Строго говоря, игнорирование критерия публичного интереса при реализации гражданских прав делает незаконной какую-либо налоговую оптимизацию в России, так как практически всегда можно усмотреть при снижении налогового бремени при помощи гражданско-правовых механизмов игнорирование публичных интересов.

В этой связи становится понятным замечание председателя Федерального арбитражного суда Московского округа Л. Майковой: "А что такое законная оптимизация? Может кто-то привести хотя бы один пример? На практике мы с таким не сталкивались".

Нужно отметить, что концепция игнорирования публичного интереса при реализации гражданских прав - это не единственное проявление этатизации гражданских прав через налоговые механизмы. Другим примером является критерий экономической оправданности затрат (ст. 252 НК РФ).

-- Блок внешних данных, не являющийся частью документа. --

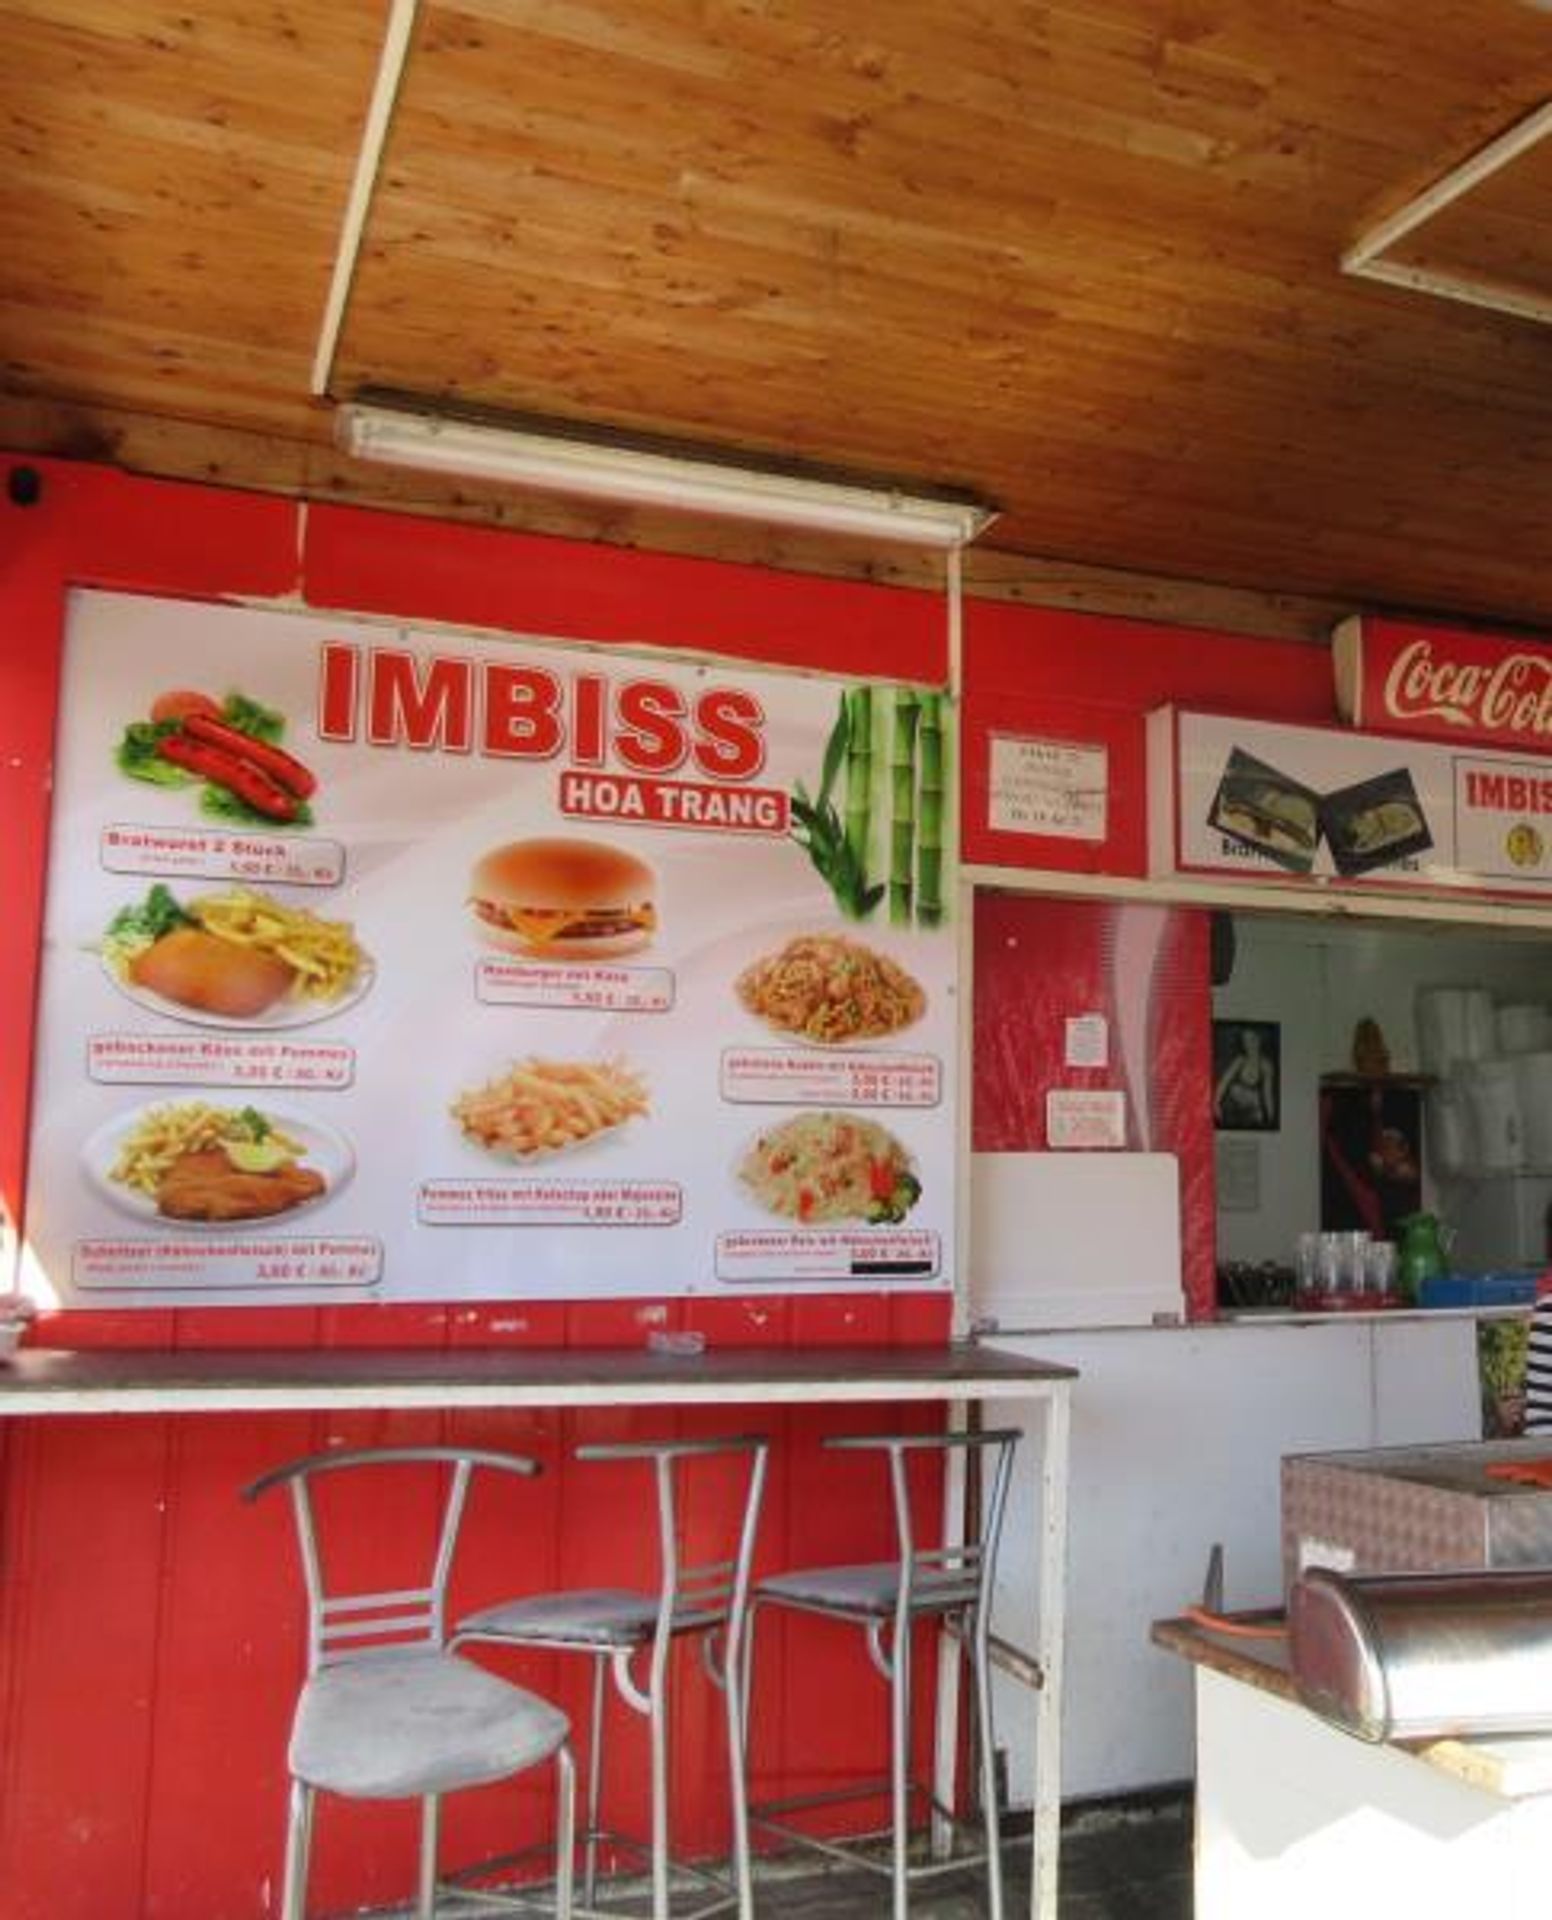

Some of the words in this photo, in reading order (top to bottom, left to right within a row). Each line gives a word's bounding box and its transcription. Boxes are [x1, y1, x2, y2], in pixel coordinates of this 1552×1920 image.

[319, 642, 765, 780] IMBISS
[1385, 640, 1552, 732] Coca-Col
[563, 777, 646, 814] HOA
[656, 785, 778, 826] TRANG

Этот критерий будет более подробно исследован в гл. 3, но сейчас лишь отметим, что он по существующей трактовке налоговых органов предполагает оценку рациональности произведенных компанией затрат. Таким образом, если налоговый орган исходя из своего понимания рациональности затрат посчитает, что для ведения бизнеса такие затраты не рациональны, то налогоплательщик подвергнется доначислению налогов, пени и штрафа. В такой ситуации налогоплательщику для устранения налоговых рисков в спорных ситуациях становится целесообразно согласовать с налоговым органом его оценку экономической оправданности тех или иных затрат, т.е. учитывать мнение налогового органа в том, как компании вести свой бизнес на началах рациональности.

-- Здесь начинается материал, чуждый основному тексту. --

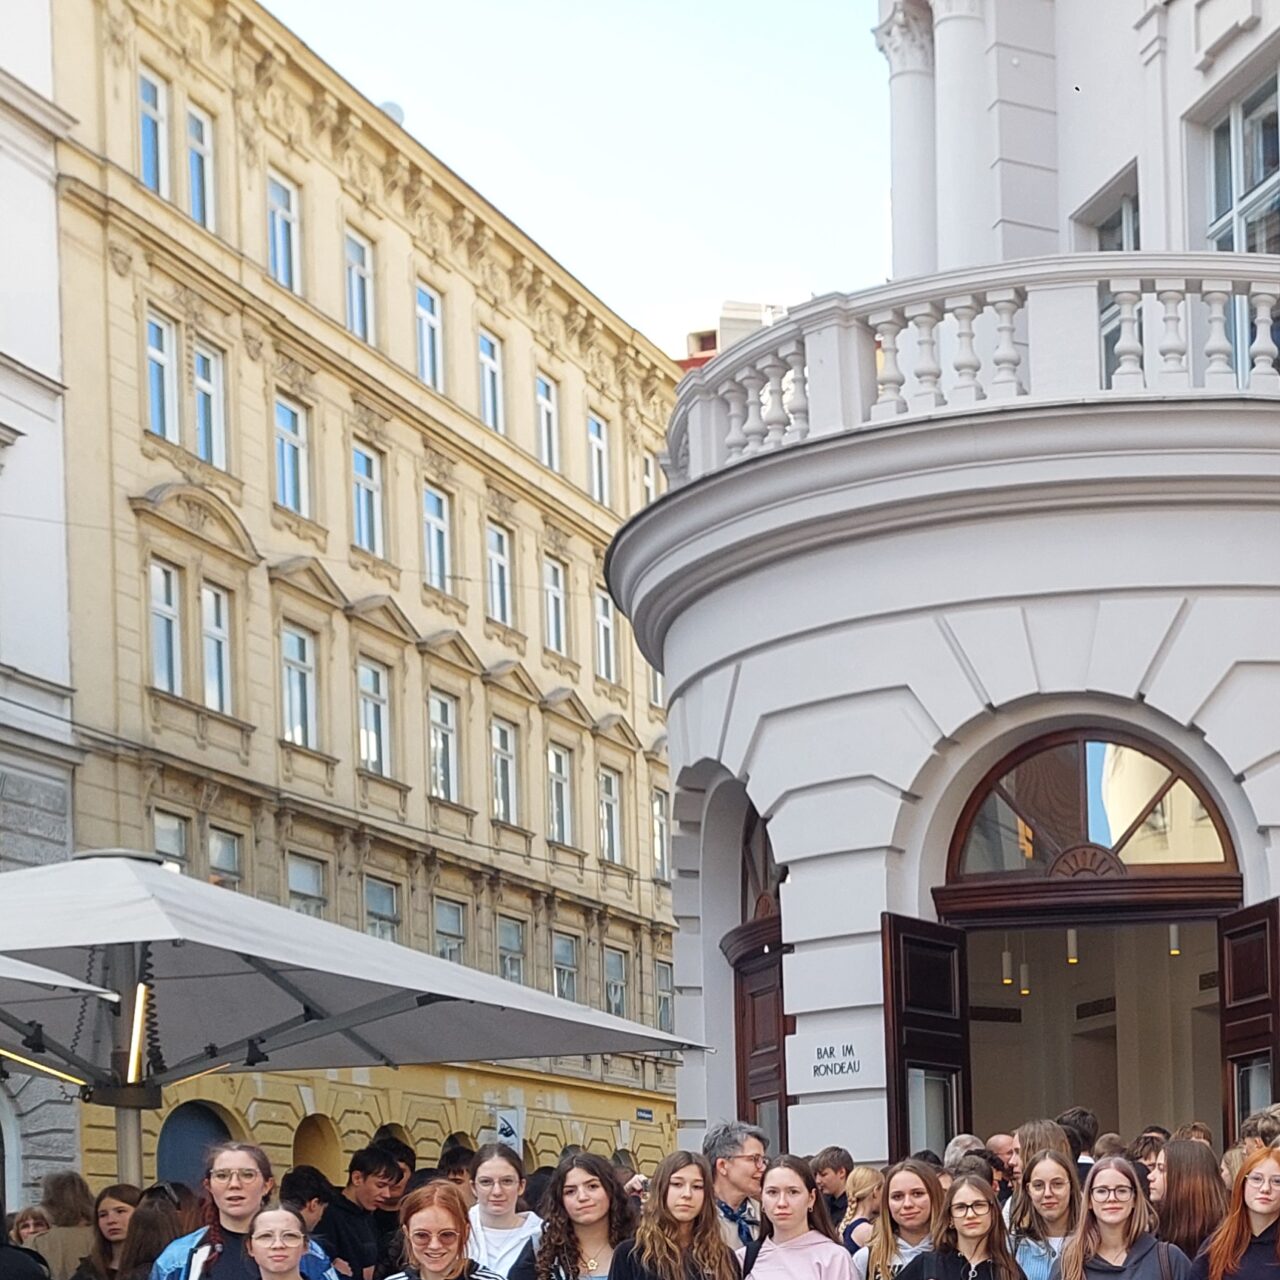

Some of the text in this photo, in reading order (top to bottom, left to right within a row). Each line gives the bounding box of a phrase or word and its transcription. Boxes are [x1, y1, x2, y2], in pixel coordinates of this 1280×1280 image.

[816, 1044, 855, 1060] BAR IM
[813, 1060, 861, 1078] RONDEAU

Это прямое вмешательство в свободу ведения предпринимательской деятельности, гарантированную ст. 8 Конституции РФ.

На этом фоне не случайным является и то, что в сложившейся практике налоговых органов и судов ряд совершенно законных хозяйственных операций может рассматриваться как проявление незаконных действий налогоплательщика, проявление его недобросовестности или его стремления получить необоснованную налоговую выгоду.

Так, например, Федеральная налоговая служба в письме от 28 апреля 2006 г. N ММ-14-06/119дсп отметила, что признаками недобросовестности налогоплательщика при вычете НДС может являться, в частности, то, что договор купли-продажи предусматривает отсрочку платежа на неопределенный срок, расчеты с поставщиком производятся с использованием векселей.

ВАС РФ в Постановлении Пленума от 12 октября 2006 г. N 53 отметил, что в совокупности с другими обстоятельствами доказательствами совершения действий, направленных на получение необоснованной налоговой выгоды, являются, в частности, взаимозависимость участников сделок; осуществление расчетов с использованием одного банка; осуществление транзитных платежей между участниками взаимосвязанных хозяйственных операций; использование посредников при осуществлении хозяйственных операций.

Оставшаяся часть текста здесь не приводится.